The code may also be, necessarily, complex involve many languages such as

  • Programming languages (e.g. Python)

  • Infrastructure as code language/frameworks (e.g. Terraform, Pulumi)

  • Bootstrapping tools (e.g. CloudInit, ARM templates, …)

  • Container orchestration (e.g. Kubernetes, Compose)

  • Configuration management (e.g. Ansible, Chef, Puppet, Salt)

Furthermore, writing the codebase requires good knowledge of the technologies a TRE is built on such as,

  • Networking (e.g. subnets, masking)

  • Internet protocol suite (e.g. DNS, SSL, TCP)

  • Linux (e.g. Permissions and ACL, PAM, systemd, distributions, packages)

  • Containers

  • Virtual machines

  • Cloud providers (.e.g. AWS, Azure, DigitalOcean)

These factors contribute in making codebases that are difficult to maintain. Finding people with the skill set to work on these projects can be challenging. Perhaps especially in academic/public sector spaces where wages are not competitive with roles using similar skills elsewhere. Making progress can be difficult as the effort required keep a TRE working correctly uses a lot of developer time.

Prompts#

  • Is your codebase difficult to maintain?

  • How many people work on your codebase, how many do you think it needs?

  • Do you struggle to find or recruit people with the skills you need?

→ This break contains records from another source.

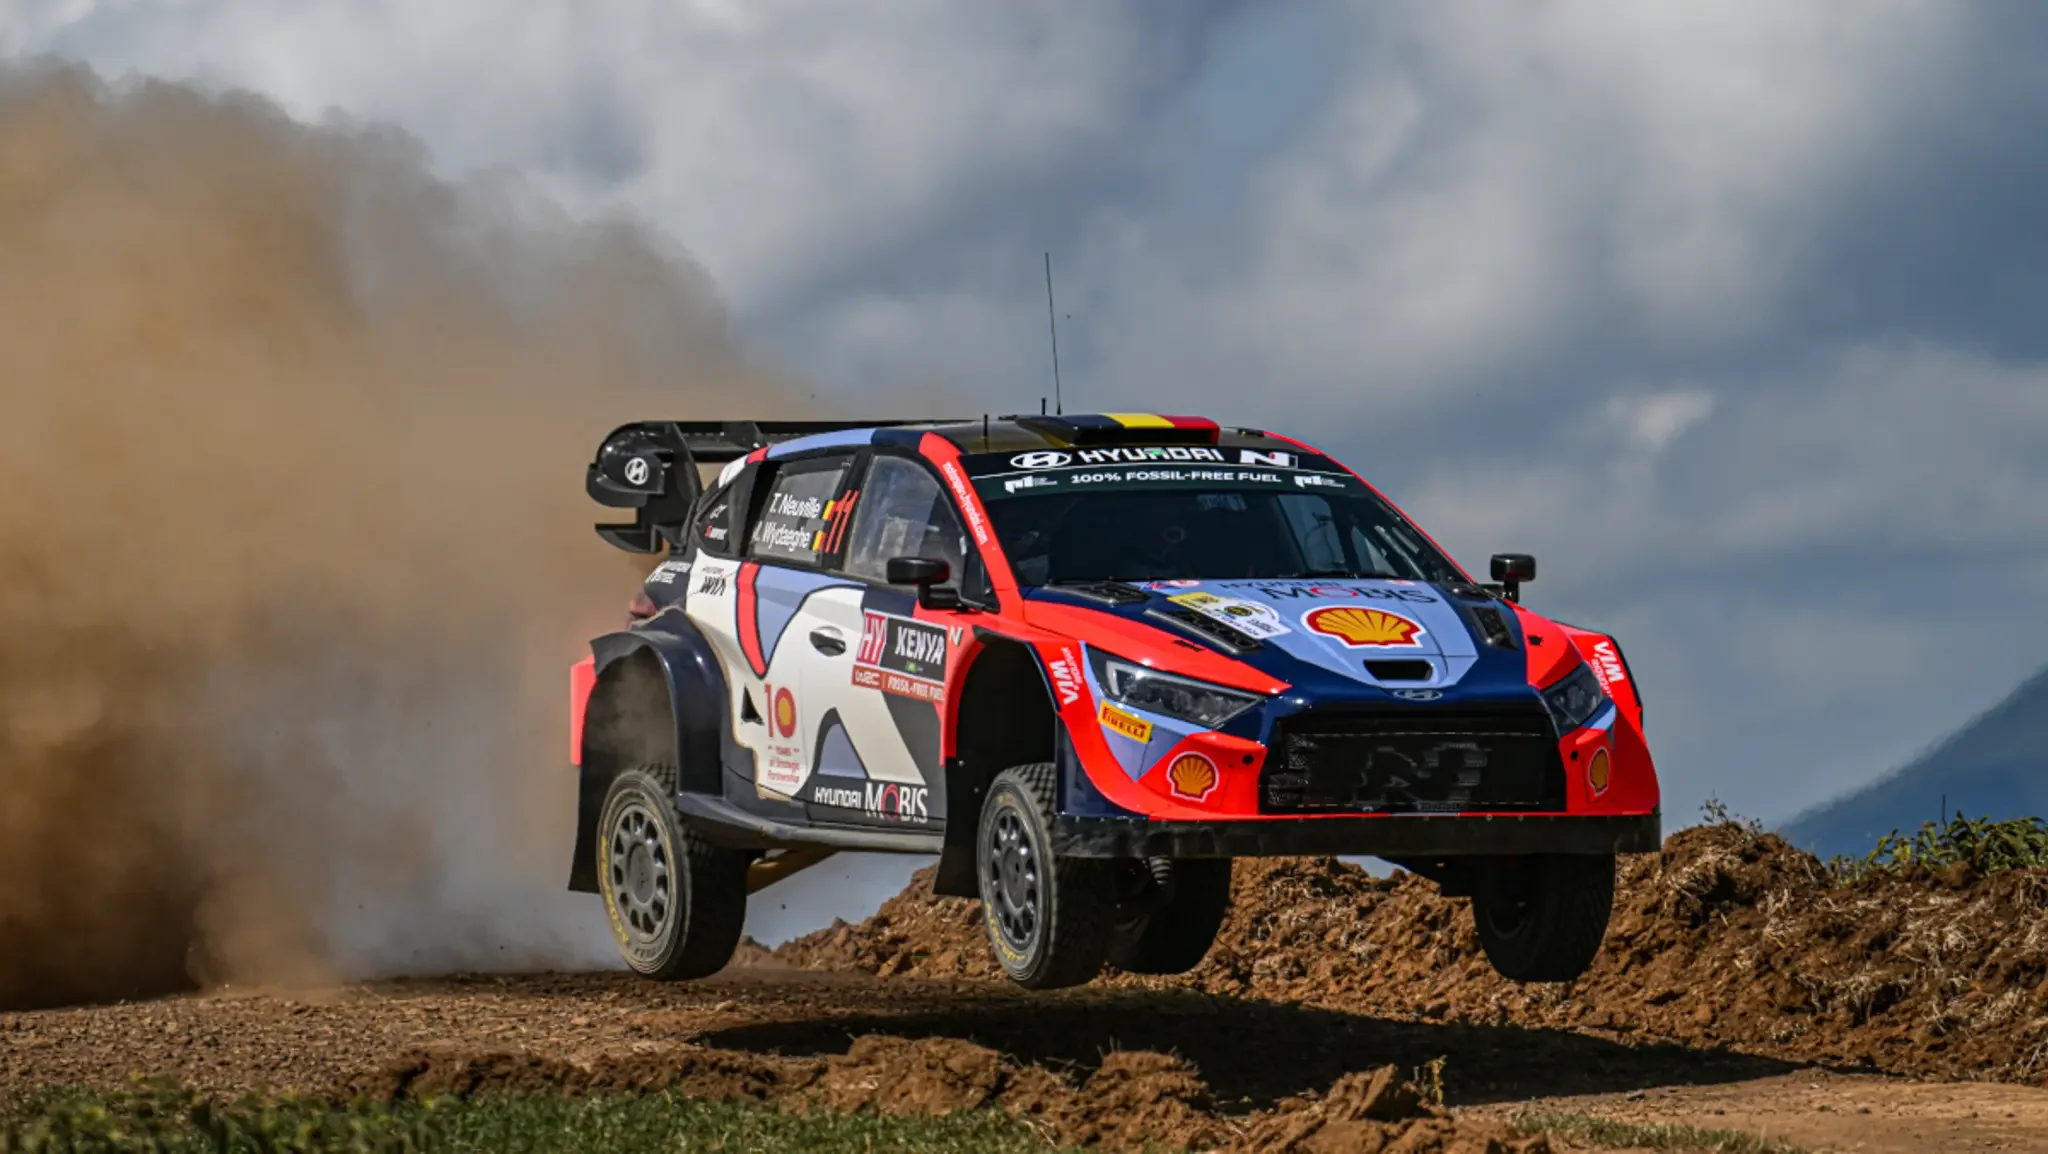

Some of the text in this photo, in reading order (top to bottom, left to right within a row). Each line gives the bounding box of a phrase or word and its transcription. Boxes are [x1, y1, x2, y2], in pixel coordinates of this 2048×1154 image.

[1077, 447, 1225, 464] HYUNDAI
[1071, 472, 1122, 484] 100%
[1126, 470, 1235, 481] FOSSIL-FREE
[1238, 472, 1282, 482] FUEL
[778, 494, 821, 519] Neuville
[762, 521, 811, 553] Wydaeghe
[1259, 585, 1439, 604] MOBIS
[894, 625, 946, 666] KENYA
[1102, 706, 1148, 739] PIRELLI
[814, 782, 929, 824] HYUNDAI MOBIS
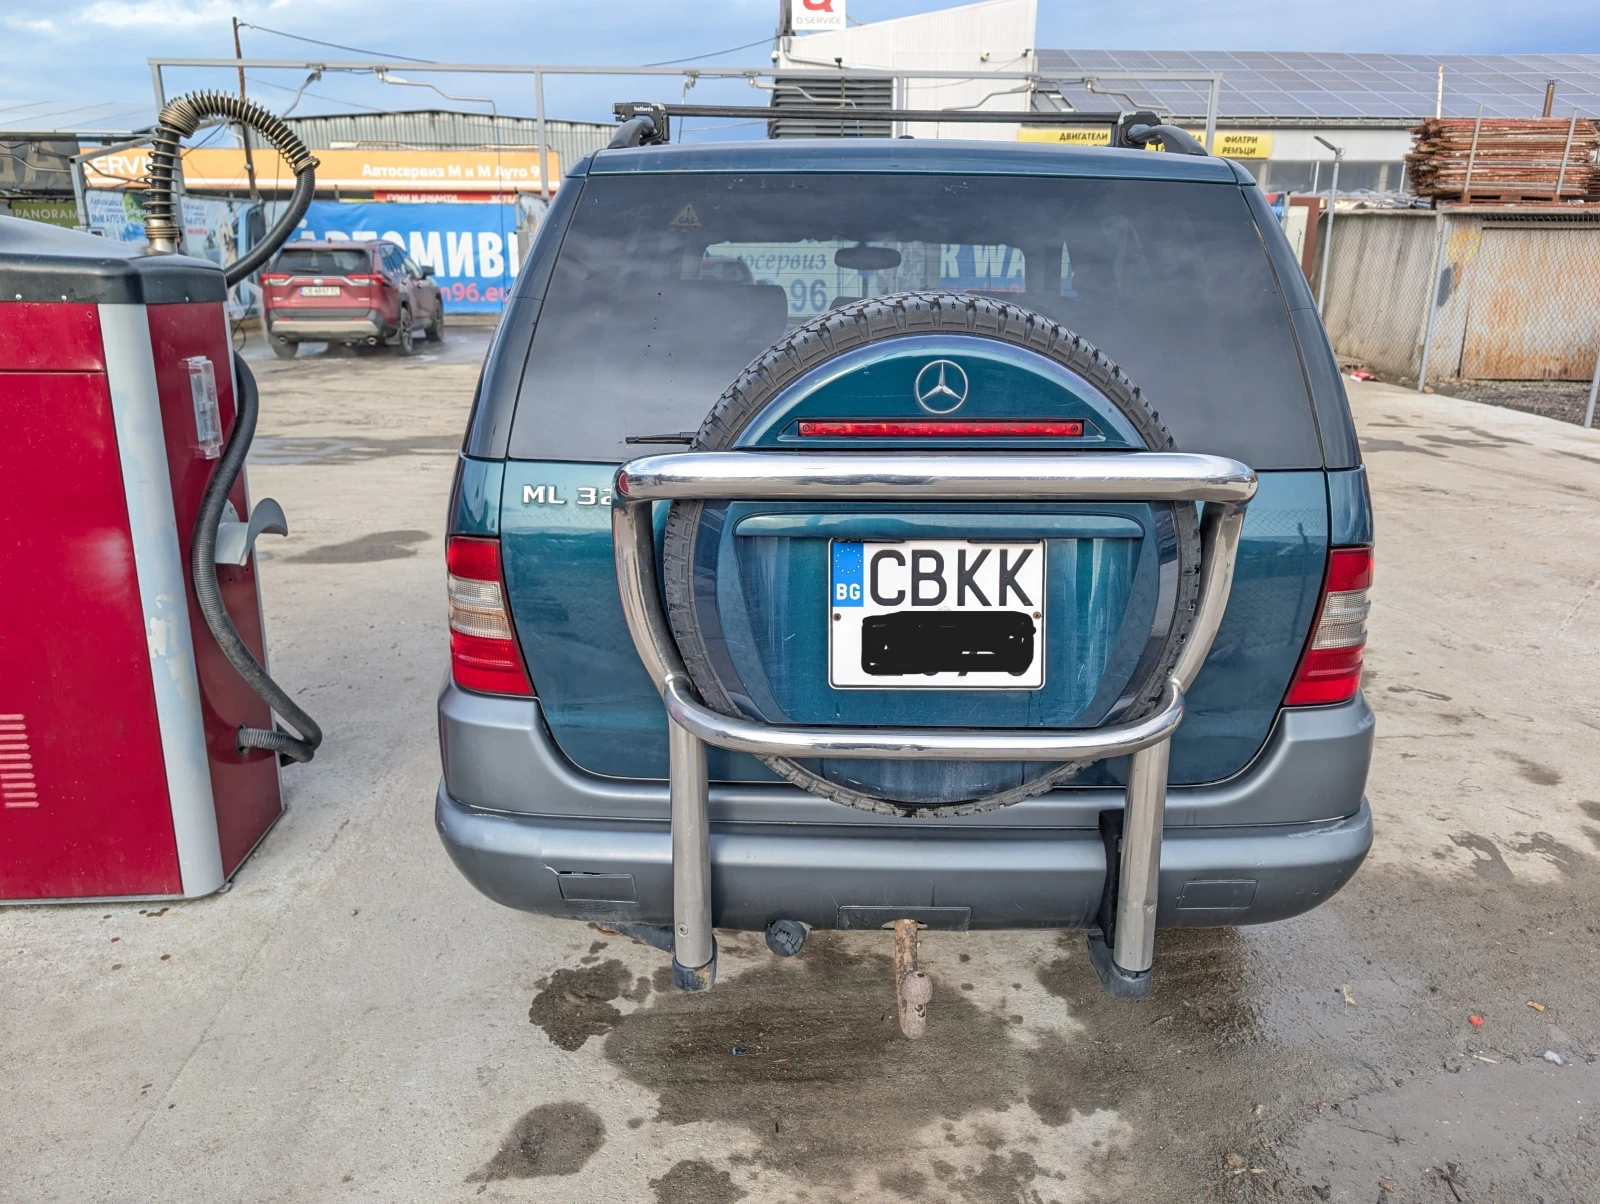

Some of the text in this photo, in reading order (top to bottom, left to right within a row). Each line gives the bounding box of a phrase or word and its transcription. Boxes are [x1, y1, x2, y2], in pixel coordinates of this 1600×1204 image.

[804, 16, 841, 24] SERVICE
[1059, 132, 1108, 141] ДВИГАТЕЛИ
[1224, 136, 1258, 144] ФИЛТРИ
[1221, 147, 1256, 155] РЕМЪЦИ
[83, 155, 153, 175] SERVI
[362, 164, 444, 179] Автосервиз
[449, 165, 461, 177] М
[466, 167, 474, 176] и
[478, 165, 491, 178] М
[494, 165, 528, 180] Ауто
[678, 216, 695, 225] GAS
[790, 278, 827, 313] 96
[523, 485, 567, 504] ML
[870, 548, 1034, 607] CBKK
[836, 583, 861, 601] BG
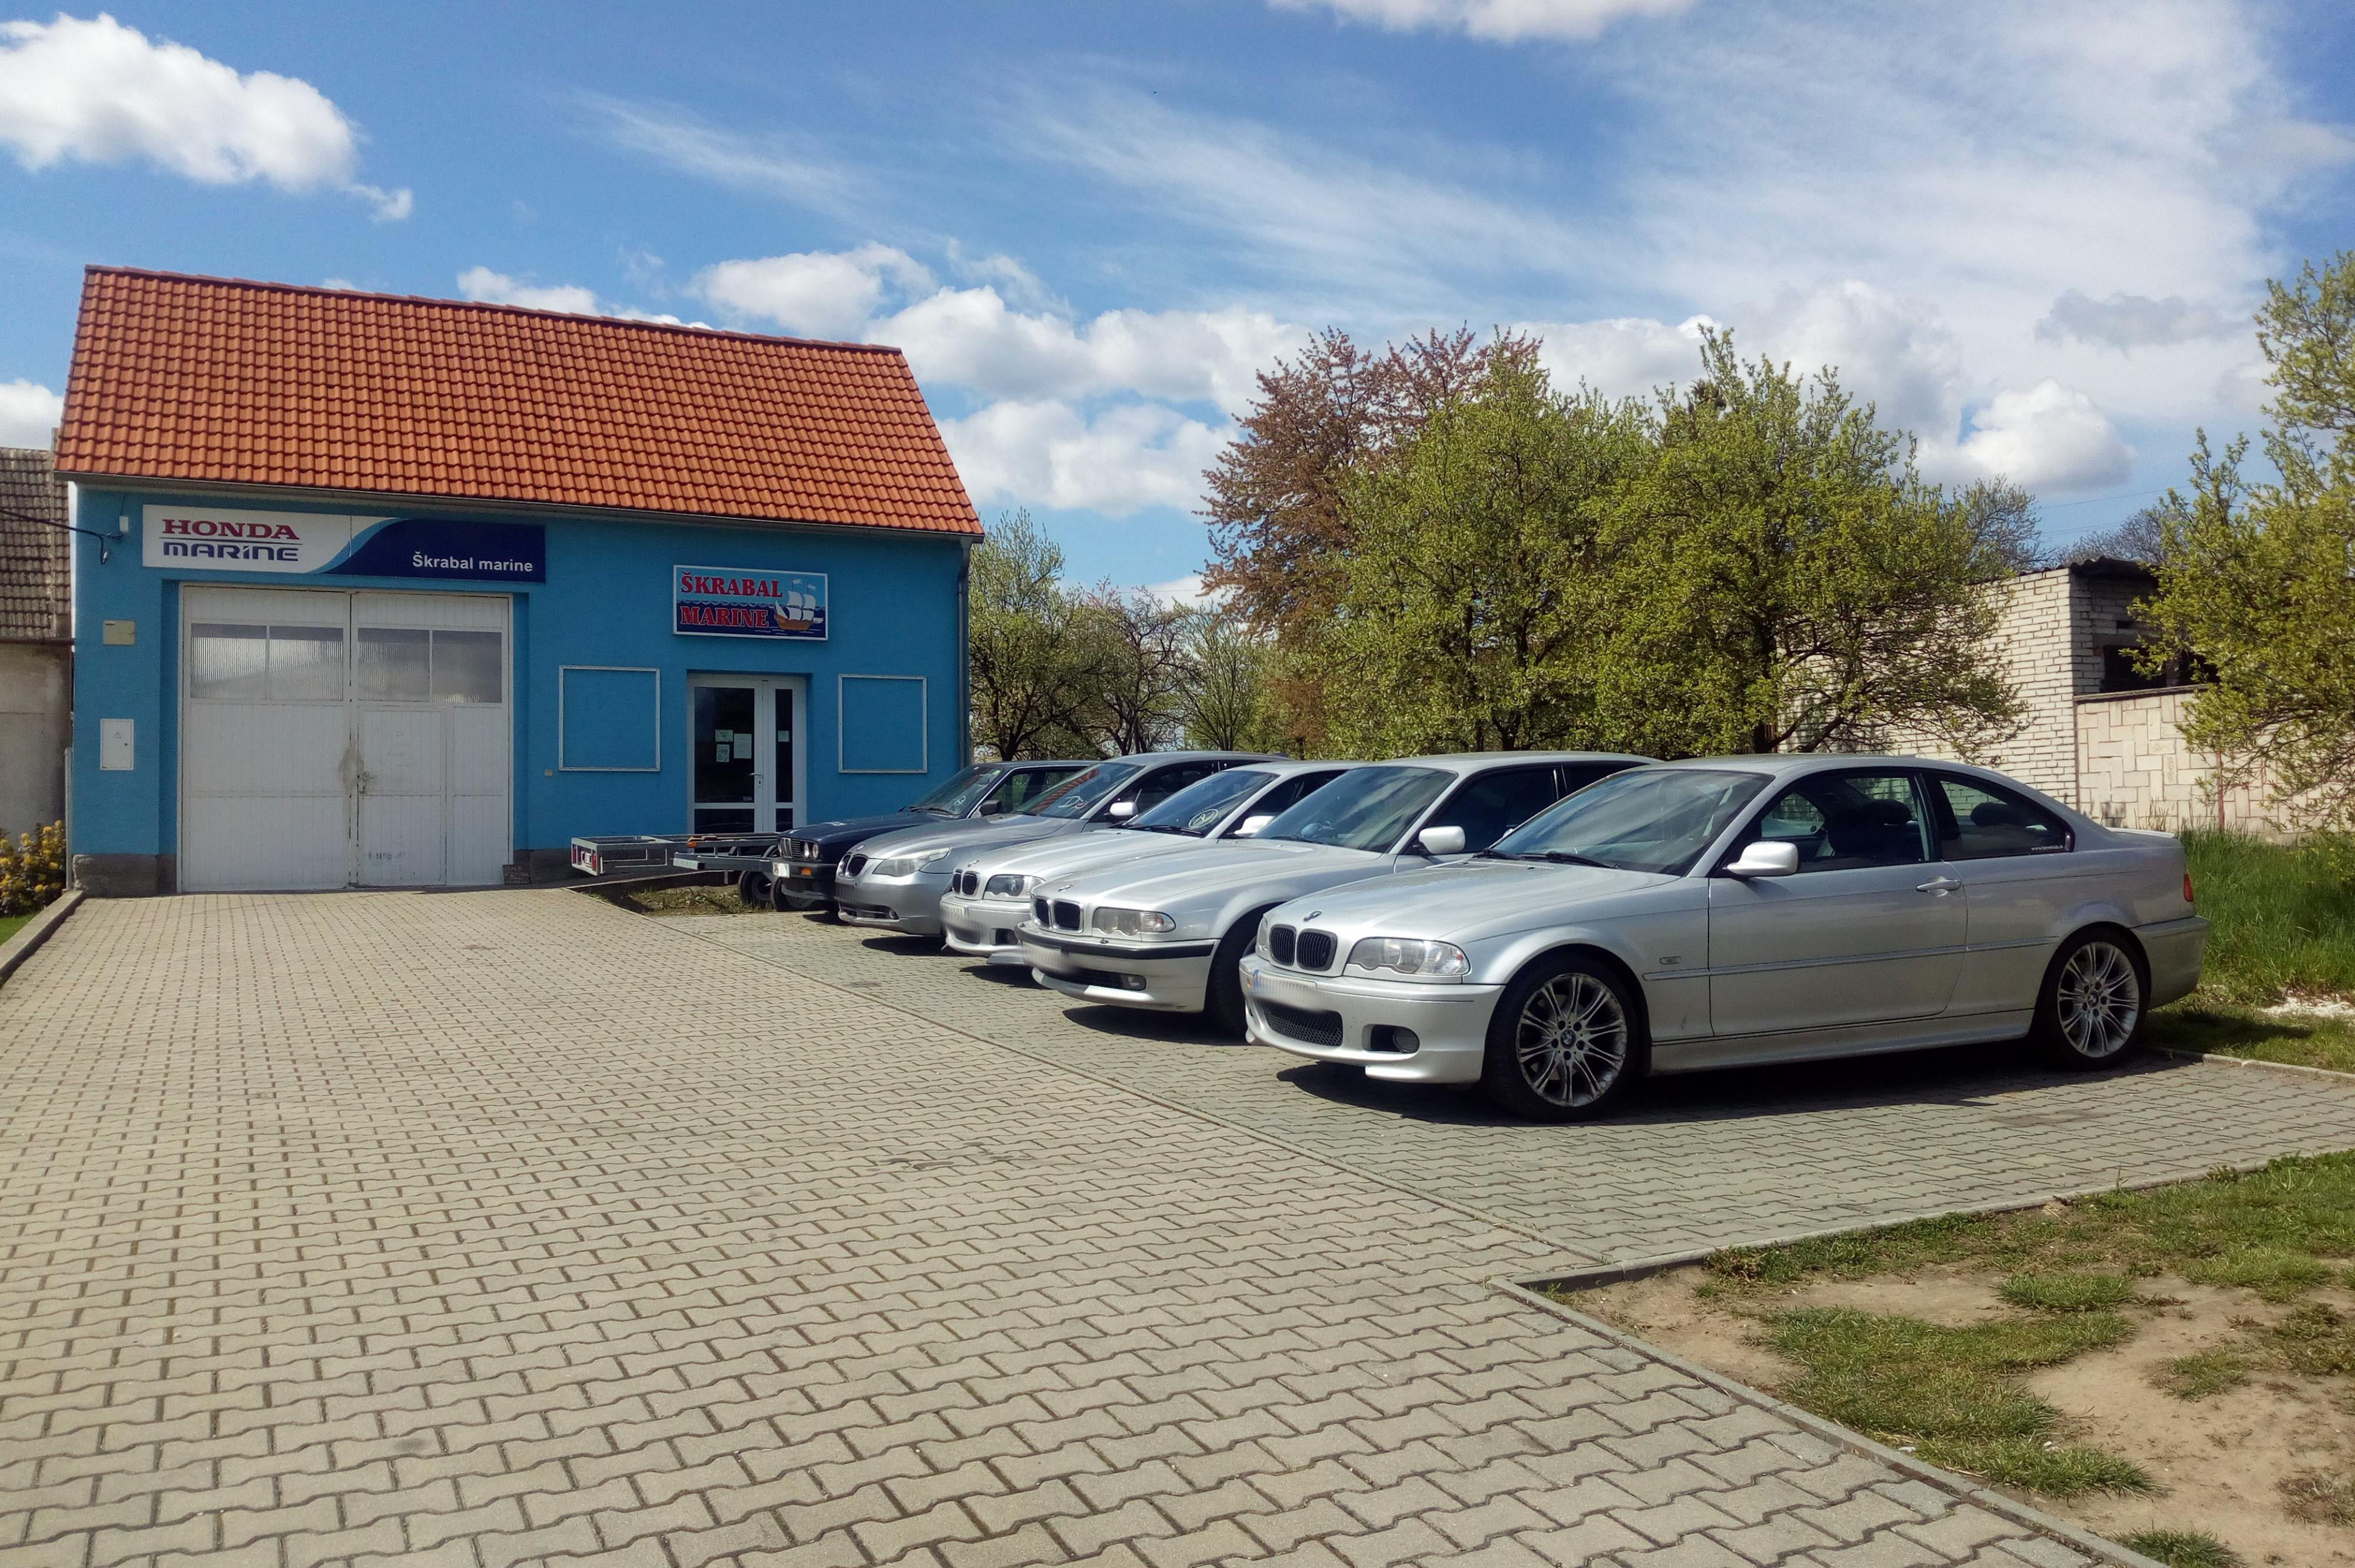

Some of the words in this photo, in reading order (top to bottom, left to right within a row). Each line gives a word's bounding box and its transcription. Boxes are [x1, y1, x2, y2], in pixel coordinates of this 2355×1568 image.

[162, 518, 300, 540] HONDA
[413, 551, 473, 569] Škrabal
[479, 559, 533, 572] marine
[681, 572, 782, 597] ŠKRABAL
[681, 606, 769, 627] MARINE

  • Does the complexity of your codebase hinder or prevent you making improvements?

  • Are you looking to reduce complexity (for example by changing the tools used)?

  • If you were to start again, what would you do differently?

Notes#

  • Setting the scene:

    • TRE codebases are large and complex and grow with time

    • Could be/likely to be multi-lingual (software-wise)

    • Lots of config alongside code

    • First challenge is finding enough people with the right skills across a broad landscape

    • Second challenge is maintenance overhead is so great that it drowns out time for development

  • Funding and recruitment

    • Big enough to break out into a different discussion.

      • Fought hard to pay RSEs more than default institution salaries

      • Make the work environment attractive e.g. nice place to work

    • Bennett Inst have found a way to pay engineers “sensible” salaries to attract the right skillsets; it’s also a nice place to work (and that doesn’t come for free - creating that environment takes a lot of effort)

    • Things like

      • Autonomy

      • Interesting work

      • Coming together regularly

      • Career development pathways focusing on tech rather than management

    • Turing RSEs also have permanent contracts - unusual in academia

  • Code complexity / maintenance:

    • Onboarding new engineers into a big codebase project is difficult. Conversely, engineers leaving causes a leak of knowledge which is difficult to recover

    • Supporting multiple projects when each project is so different

    • Use code reviews

    • At Dundee it’s based on a bigger codebase from AWS, therefore it’s harder to wrap your head around a project as you have to understand the AWS codebase first

    • How can authors of code be sure that other developers understand their code / codebase?

    • Very good point in TRE land: if you don’t understand the codebase, how can you trust it, and how can you convince the infomation governance authorities that it’s trustworthy?

    • Documentation is on par with effort to writing the codebase (although is it the most useful way to impart knowledge? Does anyone read it…?)

    • Investing in comprehensive build systems (Bennett Inst use “just”) is one way to manage technical debt

    • Difficult to experiment with codebases

    • Is there an argument for having owners of subsections of a TRE codebase rather than expecting a small number of people to understand all sections - a product management approach?

    • We are trying to do this in an ongoing rewrite

  • Hindering development:

    • Feels like skills and funding are the large problems

    • Prioritisation is also important, particularly if we have a small team. Balancing maintenance and new features

      • Consider your stakeholders.

      • Your users rely on you

      • Academic funding does not support maintenance

    • In terms of team structuring, we have been inspired by https://teamtopologies.com/

Actions/next steps#

  • On funding and sustainability, the Funding & Sustainabilty WG is planning to write a position paper on short-term funding/long-term operation headache. Do join in!